--- START ---
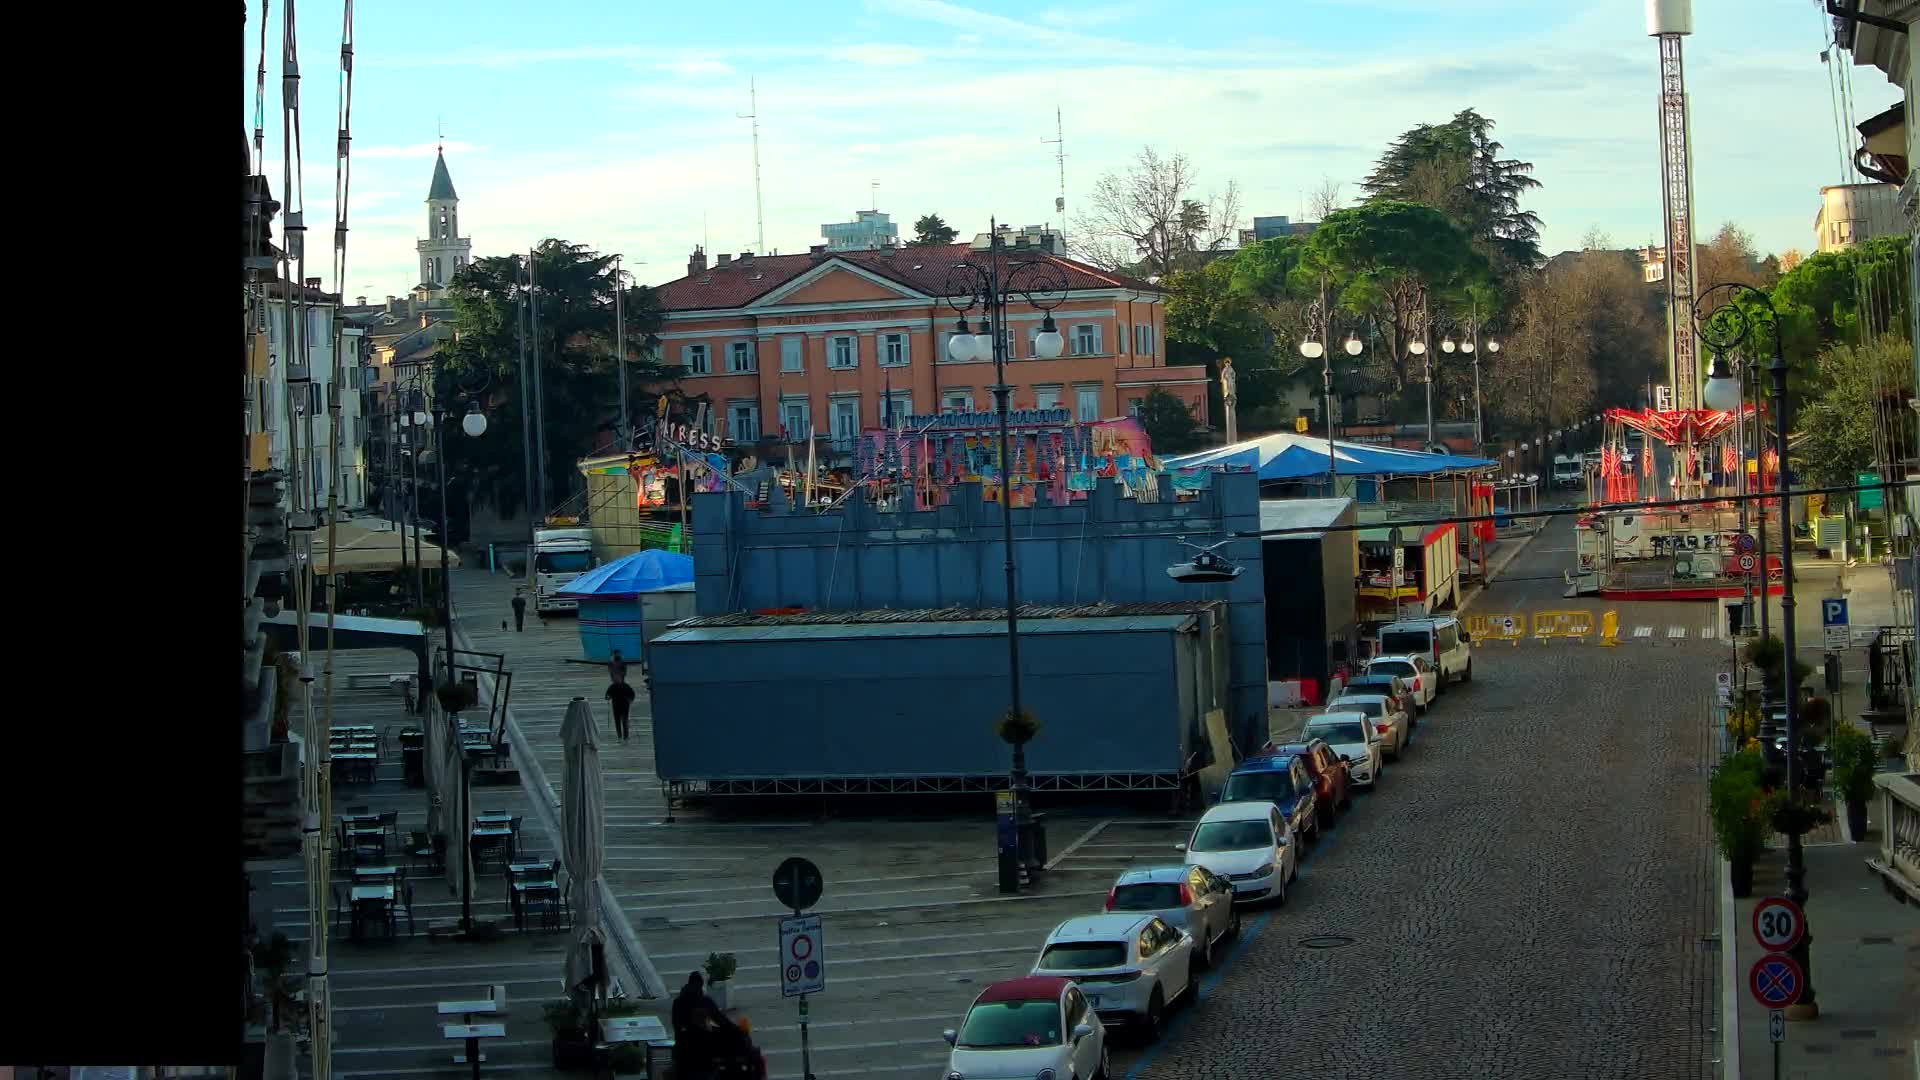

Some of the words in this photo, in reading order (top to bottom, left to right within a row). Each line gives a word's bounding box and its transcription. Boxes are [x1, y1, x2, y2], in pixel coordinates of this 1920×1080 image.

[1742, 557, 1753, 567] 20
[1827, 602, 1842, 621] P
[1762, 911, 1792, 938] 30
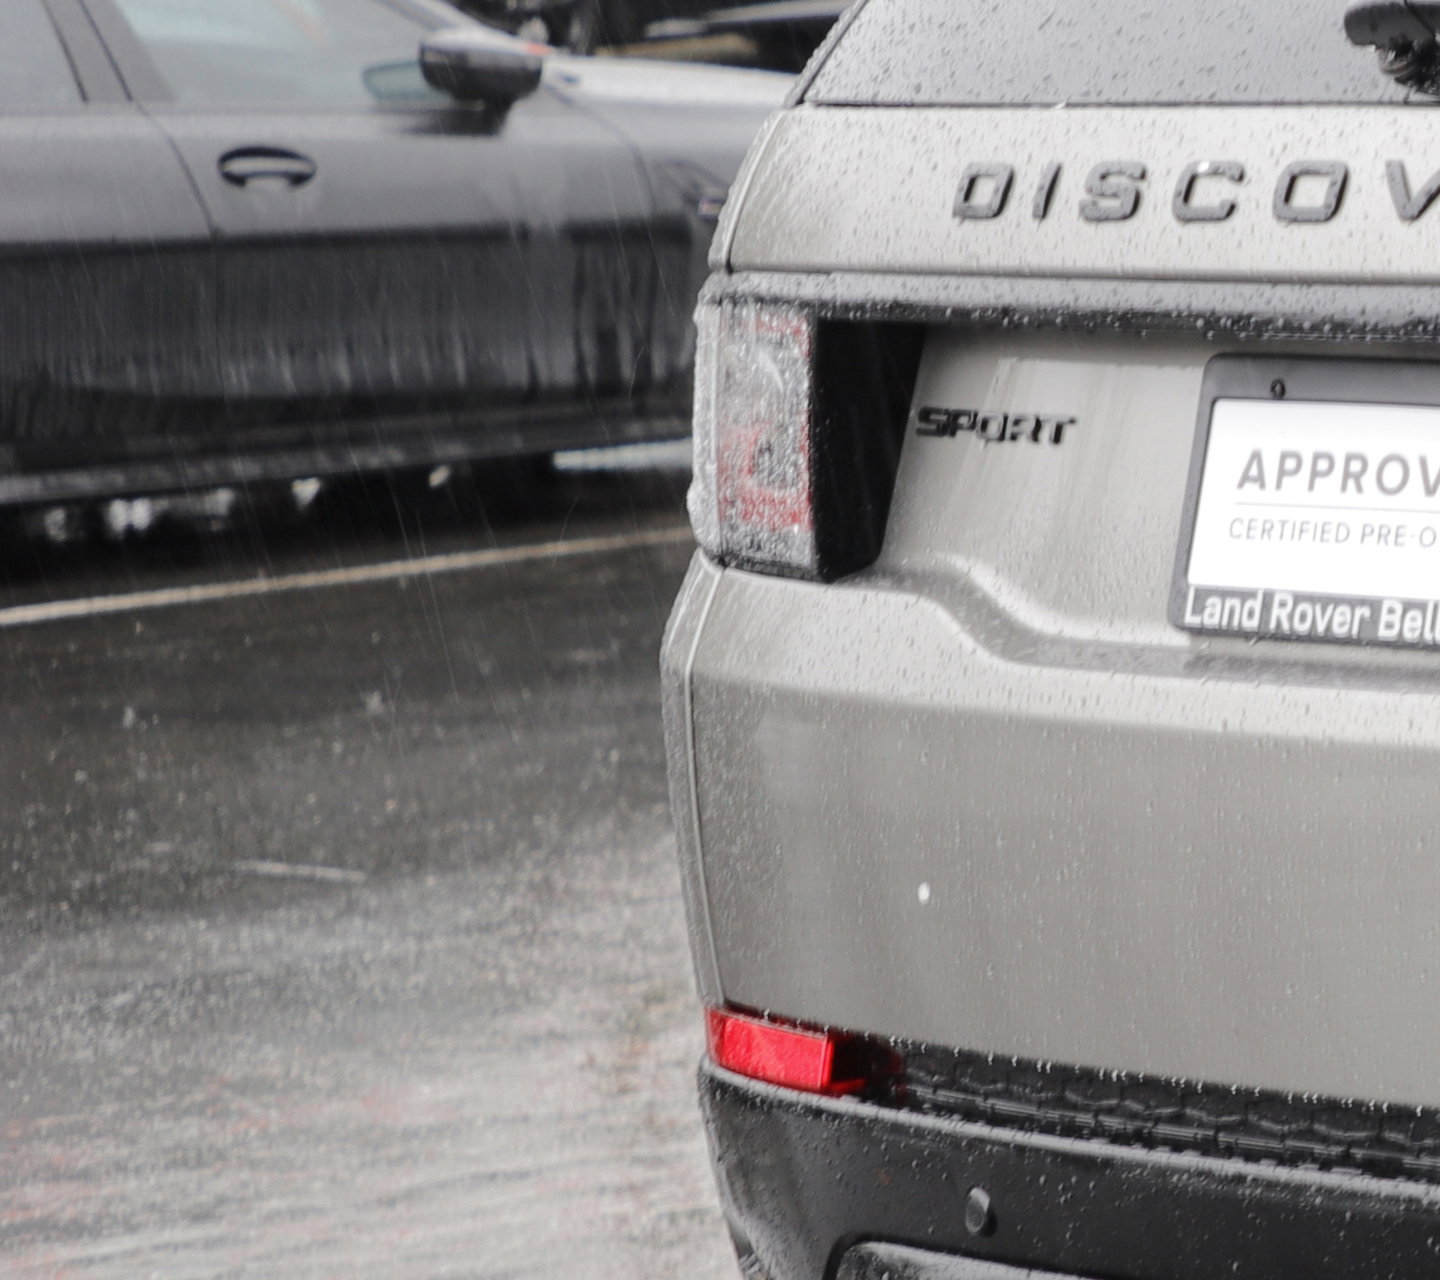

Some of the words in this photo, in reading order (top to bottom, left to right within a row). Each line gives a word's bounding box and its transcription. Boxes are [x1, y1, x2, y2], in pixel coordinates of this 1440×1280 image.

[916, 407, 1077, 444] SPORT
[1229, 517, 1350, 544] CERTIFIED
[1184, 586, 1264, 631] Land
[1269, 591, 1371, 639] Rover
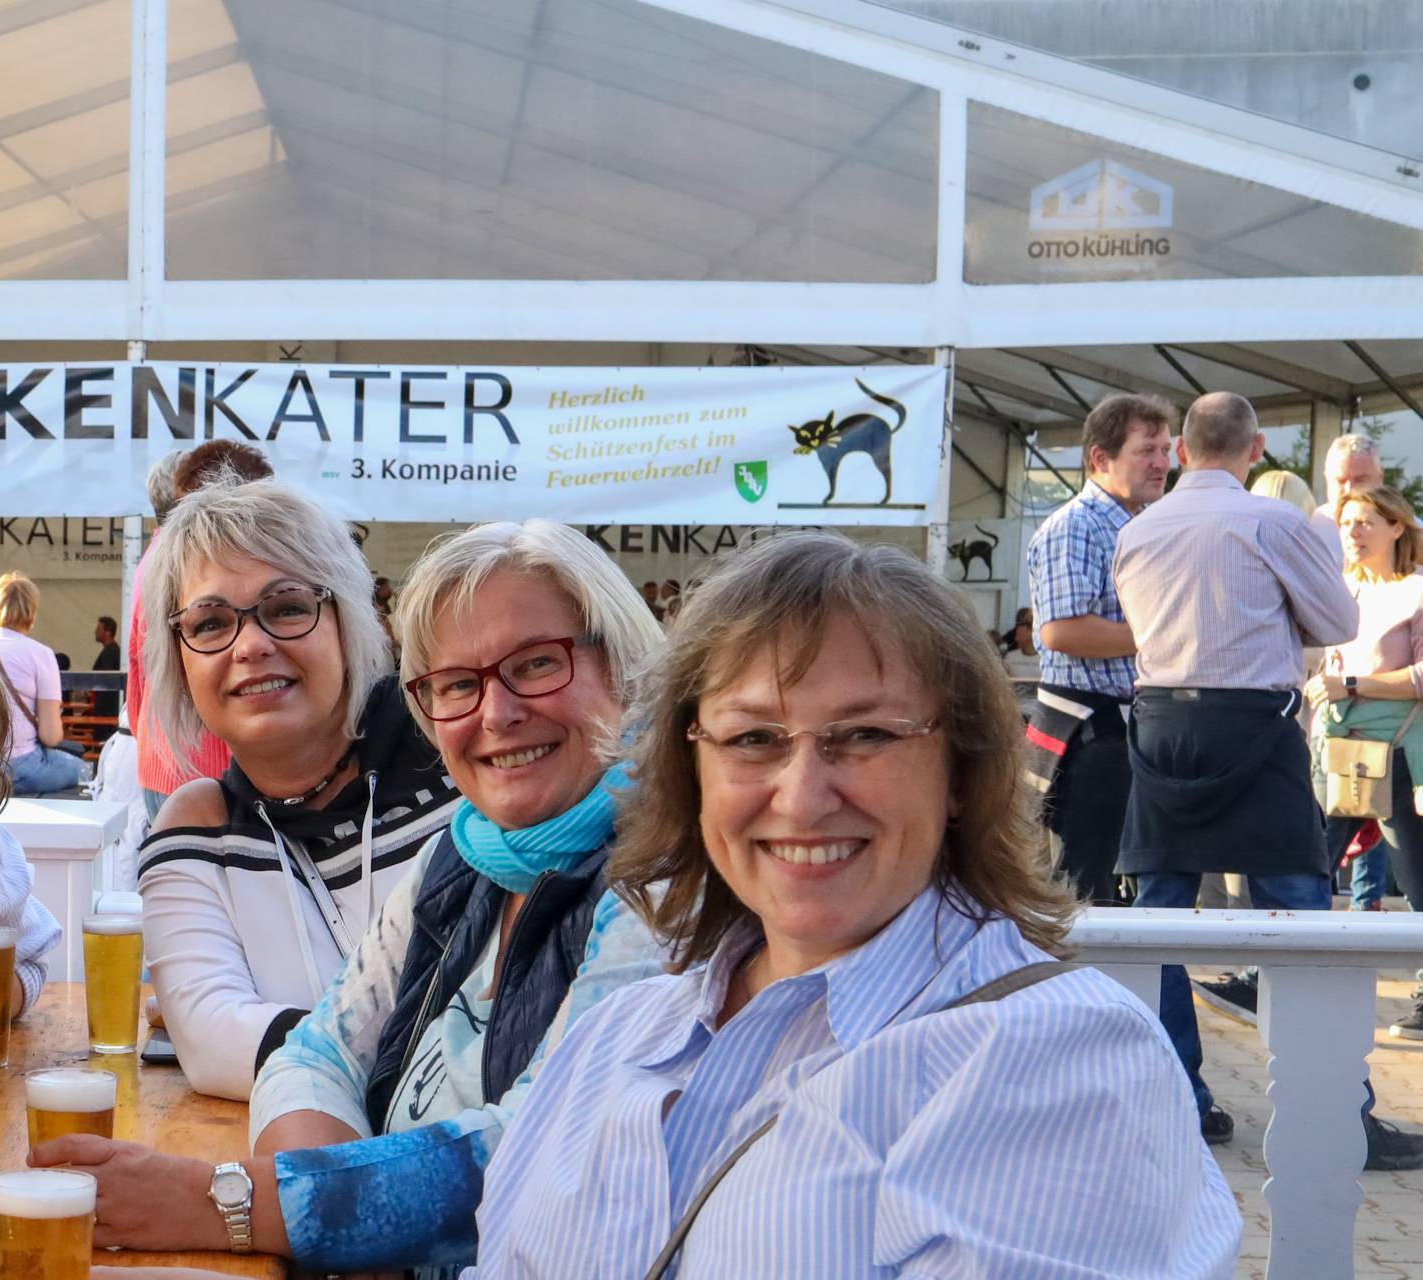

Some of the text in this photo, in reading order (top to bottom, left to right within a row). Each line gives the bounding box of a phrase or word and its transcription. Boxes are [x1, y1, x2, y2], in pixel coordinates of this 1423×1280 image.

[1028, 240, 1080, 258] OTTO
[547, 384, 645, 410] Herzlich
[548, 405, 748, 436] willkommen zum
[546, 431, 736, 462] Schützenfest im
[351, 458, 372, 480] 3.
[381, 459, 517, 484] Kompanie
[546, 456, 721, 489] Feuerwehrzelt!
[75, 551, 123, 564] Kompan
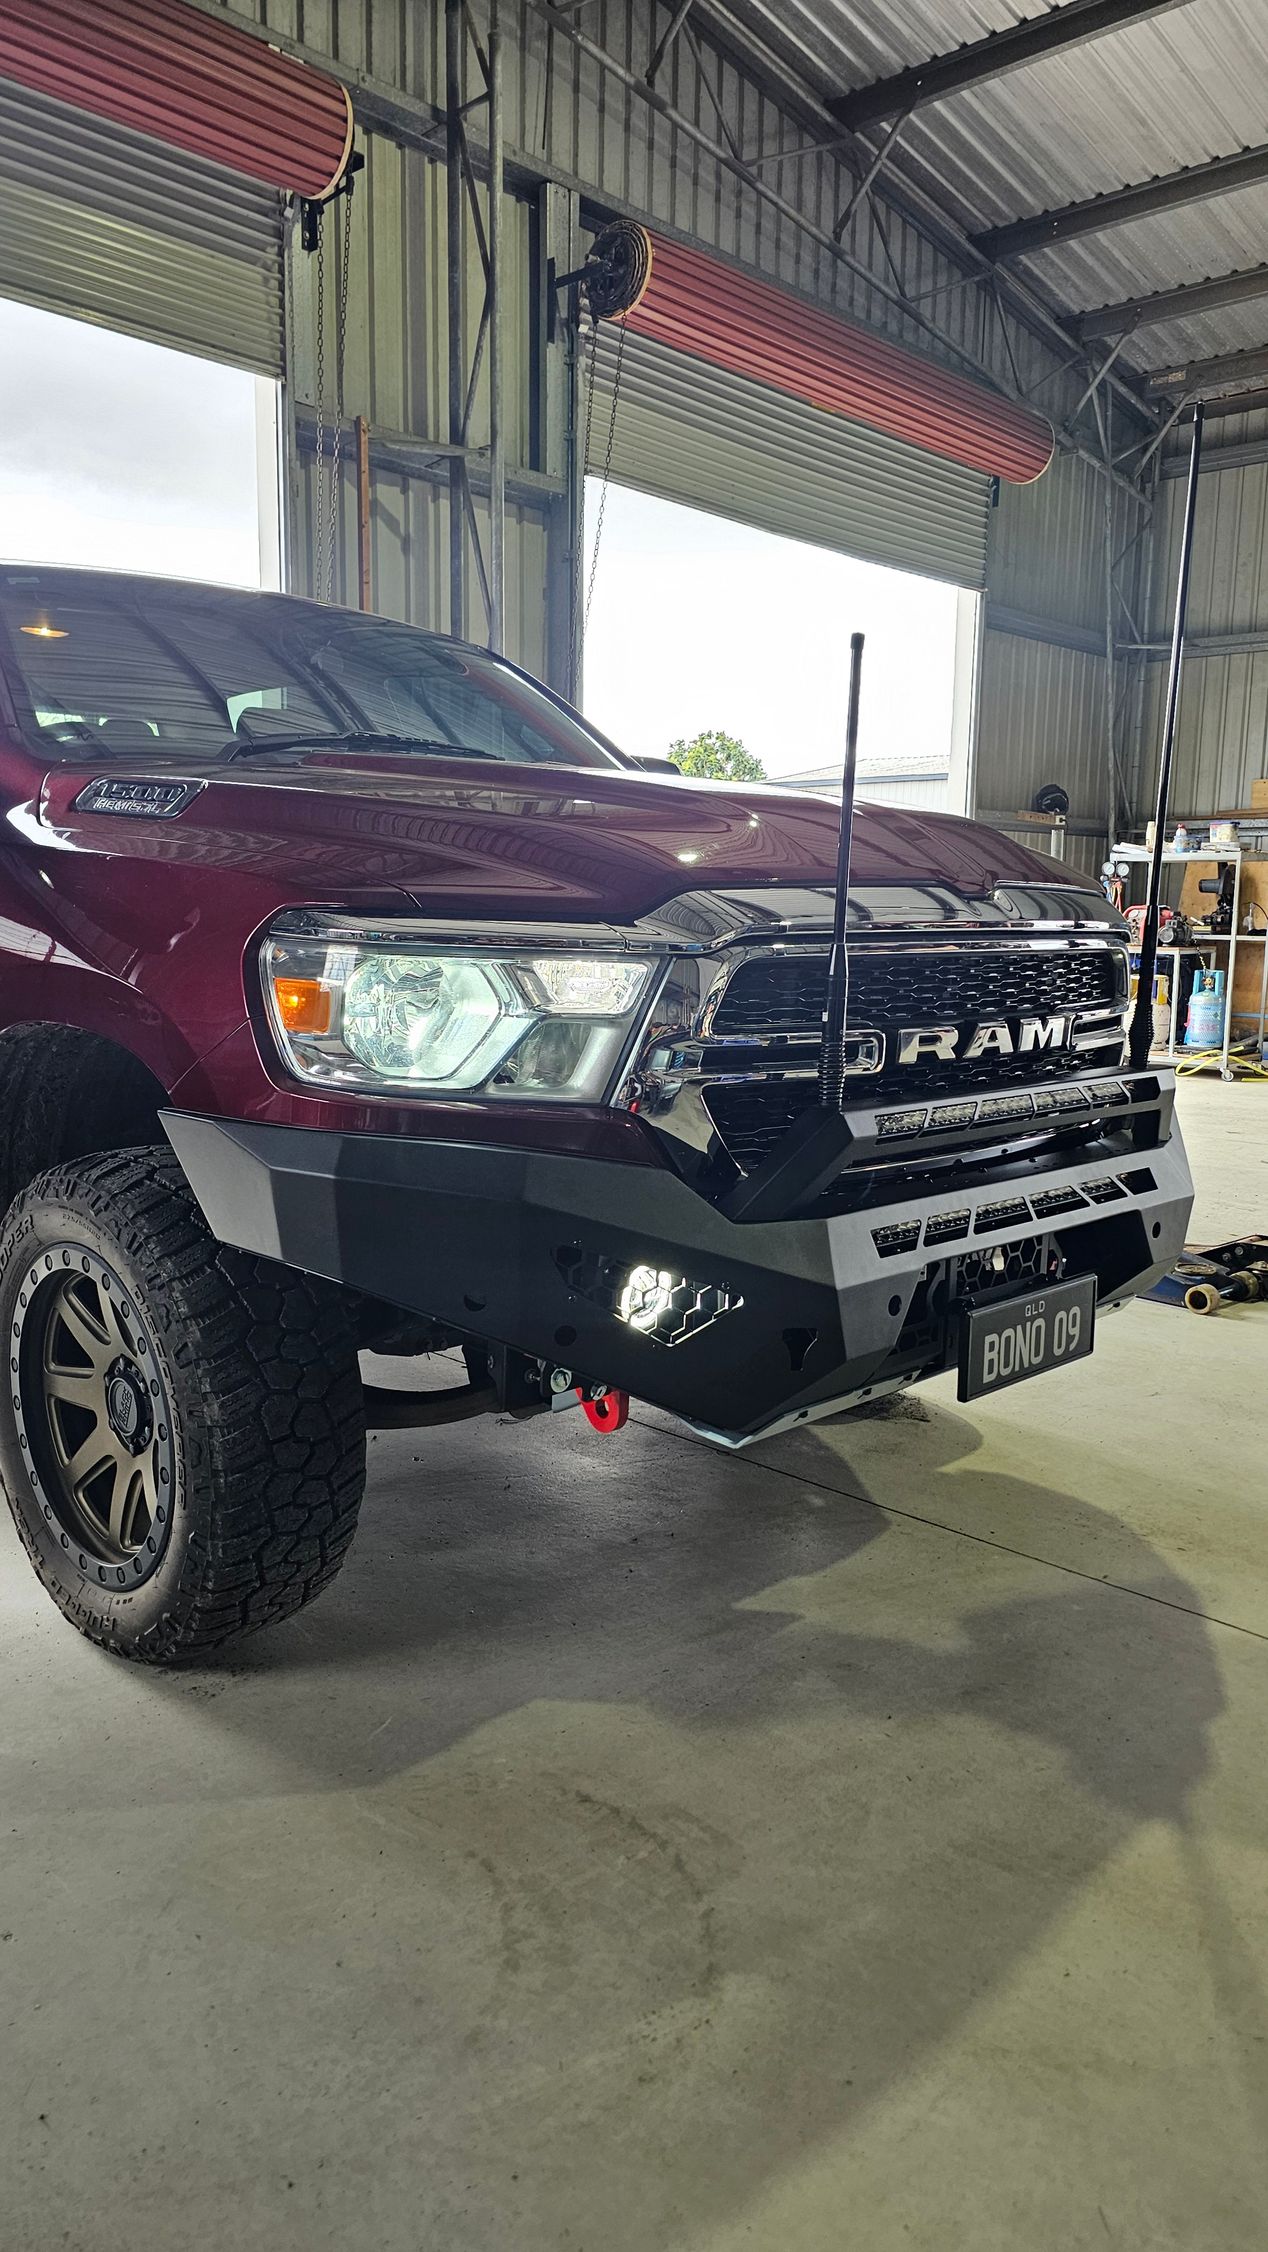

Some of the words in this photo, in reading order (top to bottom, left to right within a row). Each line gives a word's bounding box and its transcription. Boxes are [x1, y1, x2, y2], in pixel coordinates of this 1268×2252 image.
--- END ---
- What is required: Your output should consist solely of the lines from the line containing "this 1440×1280 image." through the end of the data above, copied exactly, with images removed.

- Solution to this task:
Some of the words in this photo, in reading order (top to bottom, left to right within a row). Each line gives a word's bounding box and its transcription. Boxes are [x1, y1, x2, y2], in pixel coordinates of this 1440×1280 image.

[916, 407, 1077, 444] SPORT
[1229, 517, 1350, 544] CERTIFIED
[1184, 586, 1264, 631] Land
[1269, 591, 1371, 639] Rover

Some of the text in this photo, in reading order (top to bottom, left to right within a row). Each line gives the bounding box of a phrase or word and its transcription. Boxes are [x1, y1, x2, y2], in pixel coordinates of this 1423×1280 image.

[1028, 240, 1080, 258] OTTO
[547, 384, 645, 410] Herzlich
[548, 405, 748, 436] willkommen zum
[546, 431, 736, 462] Schützenfest im
[351, 458, 372, 480] 3.
[381, 459, 517, 484] Kompanie
[546, 456, 721, 489] Feuerwehrzelt!
[75, 551, 123, 564] Kompan

Some of the words in this photo, in reading order (top to bottom, left to right within a row). Each line gives a word's bounding box and its transcription. Boxes are [x1, y1, x2, y2], in pixel coordinates of this 1268×2252 image.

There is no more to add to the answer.